Reprint all of the data below exactly as shown and skip every image.

### [DATA SUPPLIED]
■ ■ ■
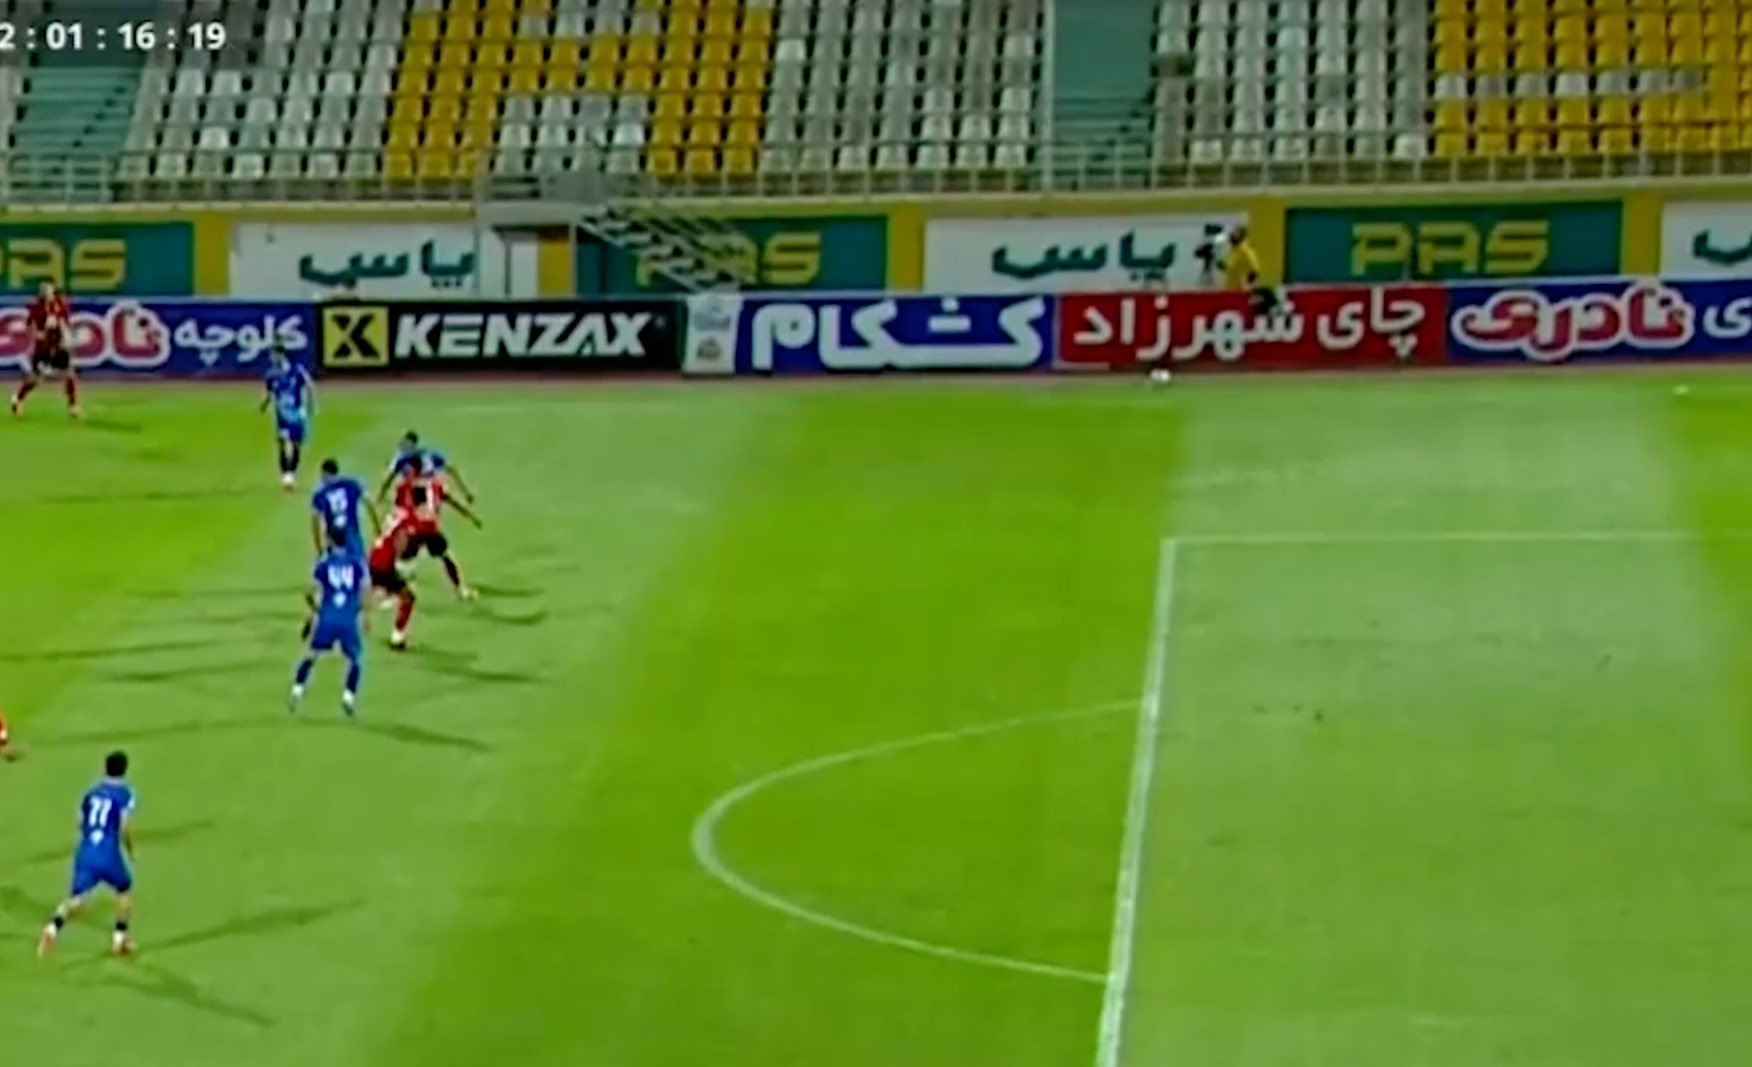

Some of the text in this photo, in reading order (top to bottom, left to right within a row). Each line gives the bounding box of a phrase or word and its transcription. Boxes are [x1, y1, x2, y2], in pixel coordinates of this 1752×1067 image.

[1351, 220, 1549, 275] PAS
[174, 314, 308, 362] کلوچه
[394, 312, 650, 358] KENZAX
[750, 298, 1046, 371] کشکام
[1073, 286, 1426, 360] چای شهرزاد
[1452, 279, 1695, 361] نادری
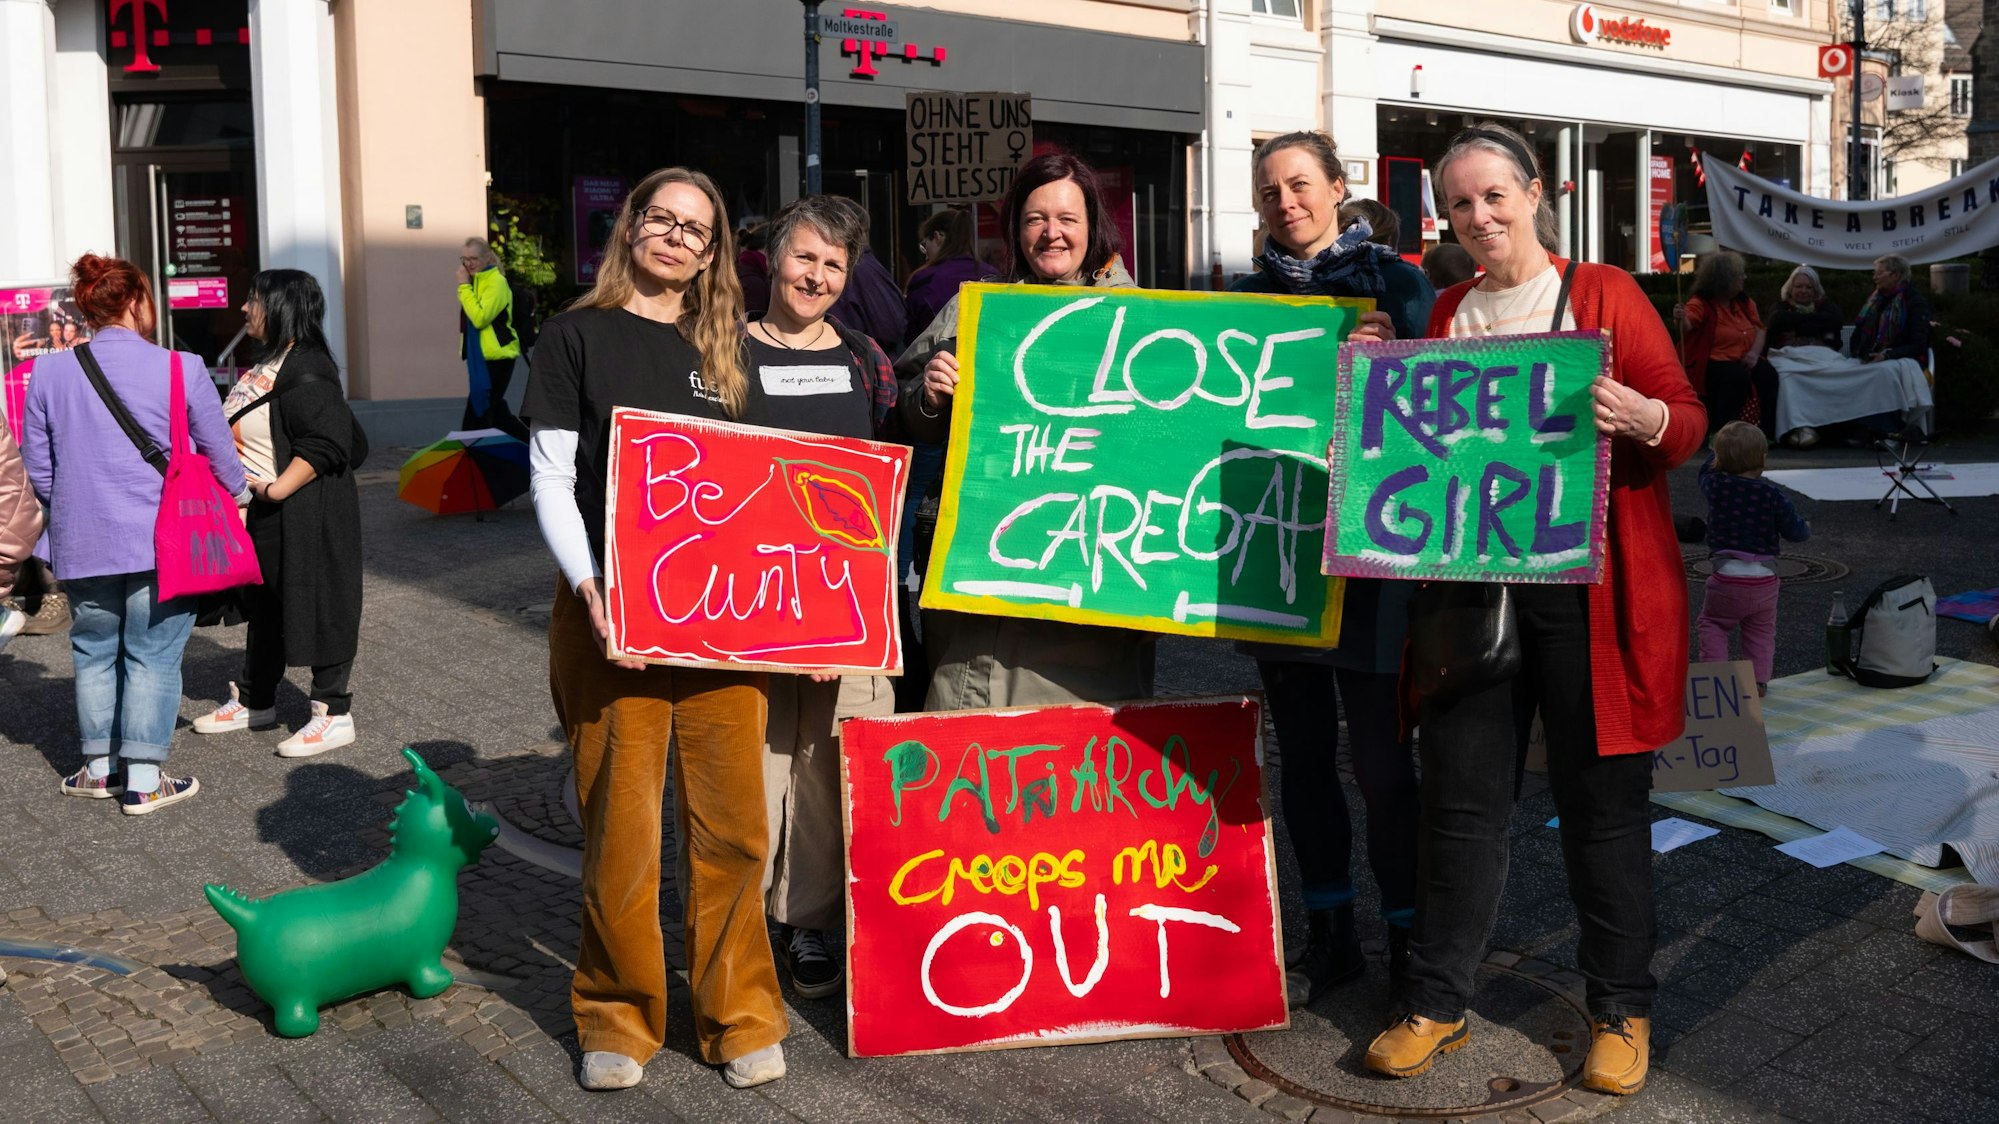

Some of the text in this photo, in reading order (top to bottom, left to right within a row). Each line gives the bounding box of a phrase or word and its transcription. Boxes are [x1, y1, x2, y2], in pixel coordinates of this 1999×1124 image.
■ ■ ■
### [RESULT]
Some of the text in this photo, in reading order (top to bottom, left to right within a row). Each line gives the bounding box of a phrase or word and its transcription. Boxes are [x1, y1, x2, y2], in pixel coordinates of this 1752×1067 image.

[1351, 220, 1549, 275] PAS
[174, 314, 308, 362] کلوچه
[394, 312, 650, 358] KENZAX
[750, 298, 1046, 371] کشکام
[1073, 286, 1426, 360] چای شهرزاد
[1452, 279, 1695, 361] نادری

Some of the text in this photo, in reading order (top to bottom, left to right within a row). Each line gives the bounding box of a phrase or word and its transcription. Boxes are [x1, y1, x2, y2], in pixel coordinates of this 1999×1124 image.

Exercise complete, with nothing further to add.